Page MenuHomePhabricator

Jenkins jobs for MediaWiki failing with 'npm: shasum check failed'
Closed, ResolvedPublicPRODUCTION ERROR


00:01:09.070 npm ERR! node v6.11.0
00:01:09.070 npm ERR! npm  v3.8.3
00:01:09.074 npm ERR! shasum check failed for /tmp/npm-394-6a81022a/
00:01:09.075 npm ERR! Expected: 0918a552406dc5e540b380dcd97afc4a64332f8e
00:01:09.075 npm ERR! Actual:   9df1b7fc10b0a92a30aedd327383305d84e9ea06
00:01:09.075 npm ERR! From:
00:01:09.076 npm ERR! 
00:01:09.077 npm ERR! If you need help, you may report this error at:
00:01:09.077 npm ERR!     <>

Been happening for about 2-3 days now. The error is for a different package each time, so not specific to any individual package I think.

Seems particularly common in gate-and-submit.

Event Timeline

Krinkle triaged this task as High priority.Sep 4 2018, 8:20 PM
Krinkle updated the task description. (Show Details)

And again

00:01:23.145 npm ERR! argv "/usr/bin/nodejs" "/usr/local/bin/npm" "install" "--no-progress"
00:01:23.146 npm ERR! node v6.11.0
00:01:23.146 npm ERR! npm  v3.8.3
00:01:23.155 npm ERR! shasum check failed for /tmp/npm-550-af7312e6/
00:01:23.155 npm ERR! Expected: 32d1d653e1d90408854bfb296f076ec7e186a300
00:01:23.156 npm ERR! Actual:   55f68fcc5d3ac0193aee91325c4d5c1f444710c6
00:01:23.157 npm ERR! From:
00:01:23.157 npm ERR! If you need help, you may report this error at:
00:01:23.158 npm ERR!     <>


@Legoktm Yeah, I think this is probably due to a cache corruption. Clearing castor for the affected key (repo+branch?) could help, although it's likely to come back eventually. Might be due to aborted builds saving bad data to castor or some other scenario.

Newer npm versions are supposed to be better in that they only put things atomically in the cache after verification, or something.

So clearing castor once and upgrading our npm version might resolve this (v5.x or later, which came with official Node 6).

There were some major changes when we moved from npm v1/v2 to v3, but I'm not aware of any major changes in v5 that would complicate an upgrade, but it's worth looking into.

Krinkle changed the task status from Open to Stalled.Sep 25 2018, 5:49 PM

This is blocked on CI upgrading to npm 5 or later. The cache instability was a known in older version of npm and is (allegedly) been resolved in 5.x and 6.0.

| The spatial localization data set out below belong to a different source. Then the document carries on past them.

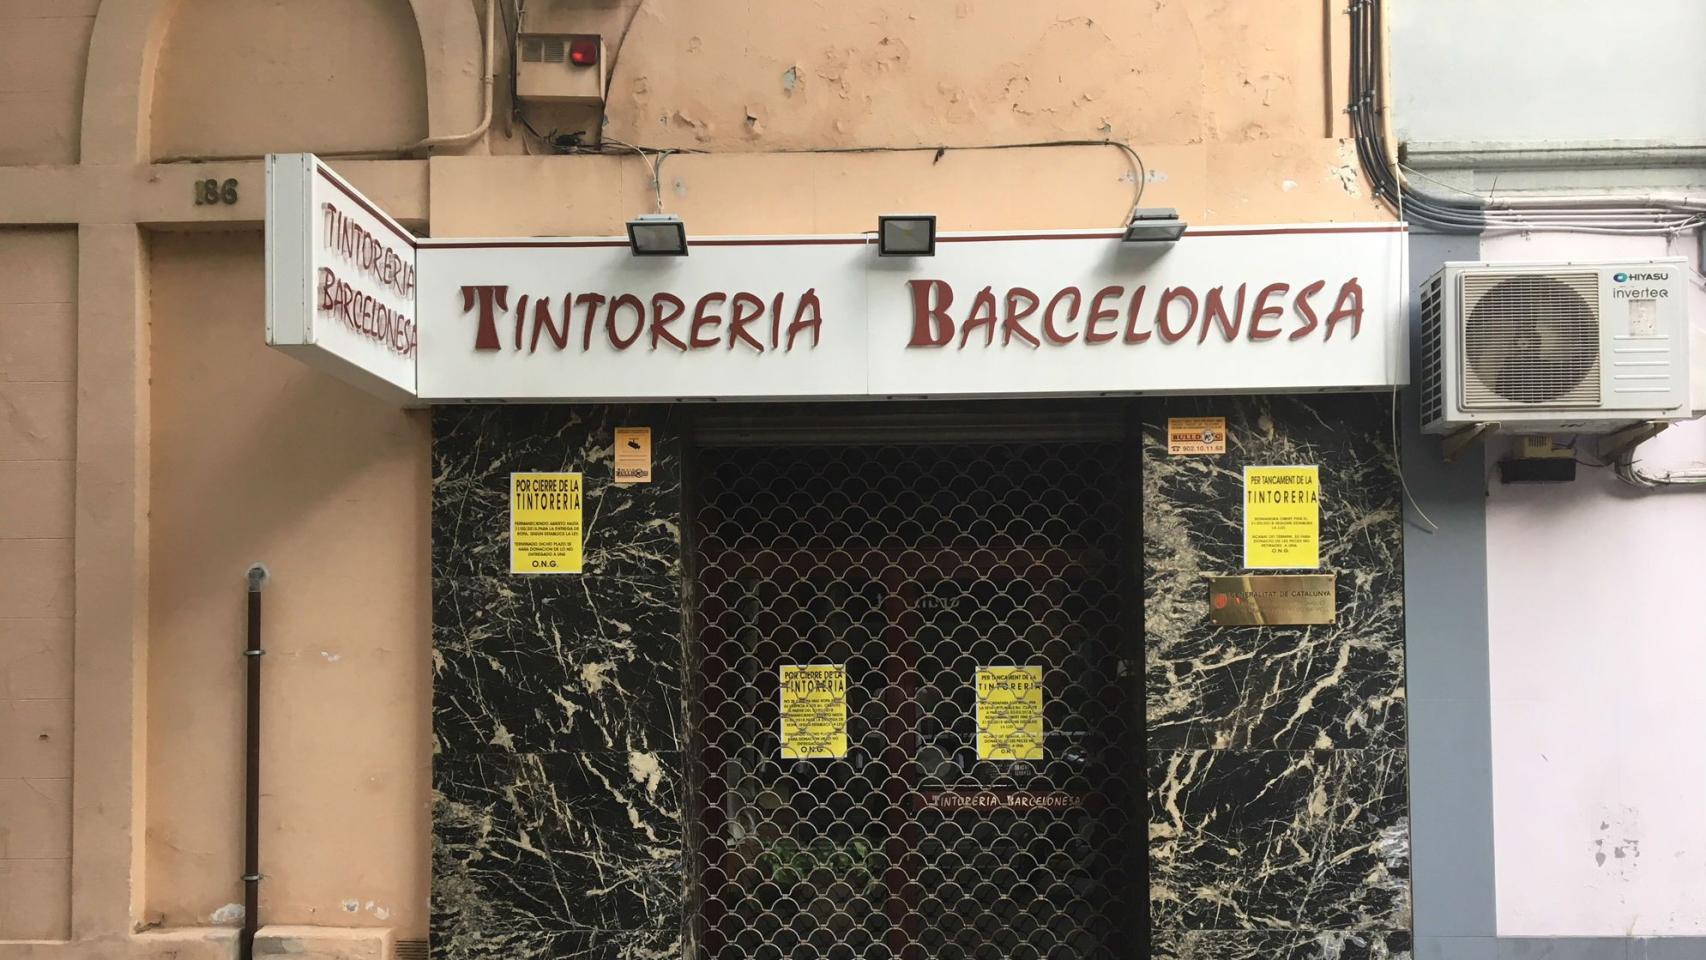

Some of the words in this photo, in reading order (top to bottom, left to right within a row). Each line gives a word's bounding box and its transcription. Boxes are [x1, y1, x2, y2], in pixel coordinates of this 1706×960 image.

[195, 178, 238, 205] 186
[322, 203, 414, 296] TINTORERIA
[1629, 273, 1669, 281] HIYASU
[318, 267, 417, 356] BARCELONESA
[462, 285, 823, 352] TINTORERIA
[908, 277, 1365, 348] BARCELONESA
[516, 480, 530, 492] POR
[533, 480, 556, 492] CIERRE
[559, 480, 568, 492] DE
[570, 480, 579, 492] LA
[1250, 476, 1261, 484] PER
[1262, 476, 1295, 484] TANCAMENT
[1296, 476, 1304, 484] DE
[1305, 476, 1312, 484] LA
[517, 493, 580, 510] TINTORERIA
[1248, 490, 1317, 503] TINTORERIA

(Still seen at least a dozen times over the past 2 days, probably the most common kind of false negative at the moment.)

hashar changed the task status from Stalled to Open.Dec 11 2018, 4:58 PM
hashar added a subscriber: thcipriani.

shower thoughts:

We have jobs writing to the central cache constantly, potentially a job could download a file as it is being written to. The cached file ends up being corrupted since it is in the process of being overwritten. I would then assume that npm 3.8 ends up failing instead of downloading a fresh copy from

@thcipriani mentioned we might want to pass --delete-updates to rsync.

Change 479558 had a related patch set uploaded (by Thcipriani; owner: Thcipriani):
[integration/config@master] castor: add --delay-updates to rsync commands

(tagging team given a patch is being worked on and in need of review.)

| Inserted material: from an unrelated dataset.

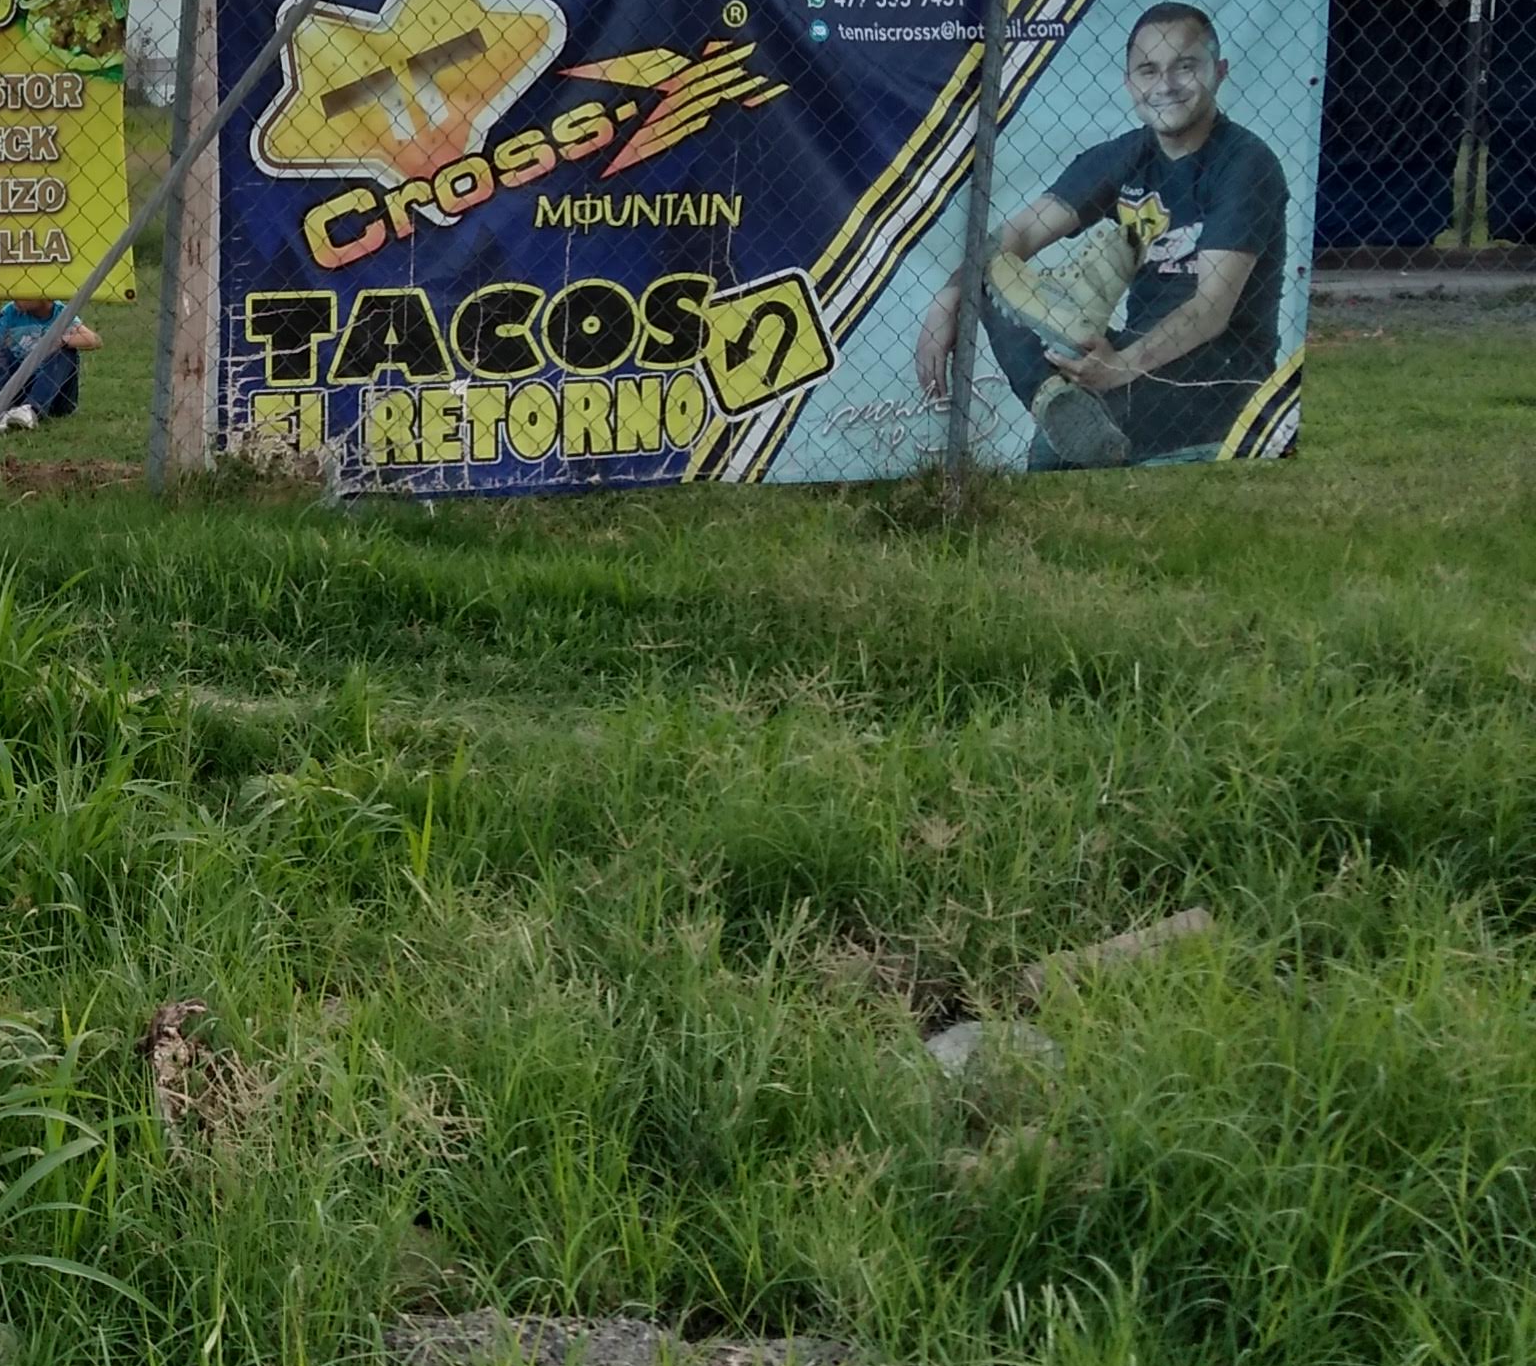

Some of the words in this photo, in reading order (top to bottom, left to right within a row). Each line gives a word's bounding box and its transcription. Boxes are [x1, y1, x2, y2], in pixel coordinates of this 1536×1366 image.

[838, 20, 1064, 42] tenniscrossx@hotail.com
[534, 194, 742, 234] MOUNTAIN
[245, 272, 716, 387] TACOS
[363, 369, 710, 465] RETORNO

Change 479558 merged by jenkins-bot:
[integration/config@master] castor: add --delay-updates to rsync commands

Tentatively moving out of active issues until we see it again.

Still there.

npm ERR! Linux 4.9.0-0.bpo.8-amd64
npm ERR! argv "/usr/bin/nodejs" "/usr/local/bin/npm" "install"
npm ERR! node v6.11.0
npm ERR! npm  v3.8.3

npm ERR! shasum check failed for /tmp/npm-382-4886de3f/
npm ERR! Expected: 73b5eeca3fab653e3d3f9422b341ad42205dc965
npm ERR! Actual:   562dbccf0db4461d2bdb4581ab00bbbebaad61eb
npm ERR! From:

We have not switched the jobs to use which includes the fix.

Change 511672 had a related patch set uploaded (by Hashar; owner: Hashar):
[integration/config@master] Make castor use rsync --delay-updates

Change 511672 merged by jenkins-bot:
[integration/config@master] Make castor use rsync --delay-updates

Not sure whether the delay update will definitely fix the issue, but it should help.

Not sure whether the delay update will definitely fix the issue, but it should help.

It's been a while, are we good here?

I don't think I've seen this since the patch landed.

Jdforrester-WMF assigned this task to hashar.

Yes, boldly declaring this Resolved. (Not assigning into 201907 board as it was done last FY.)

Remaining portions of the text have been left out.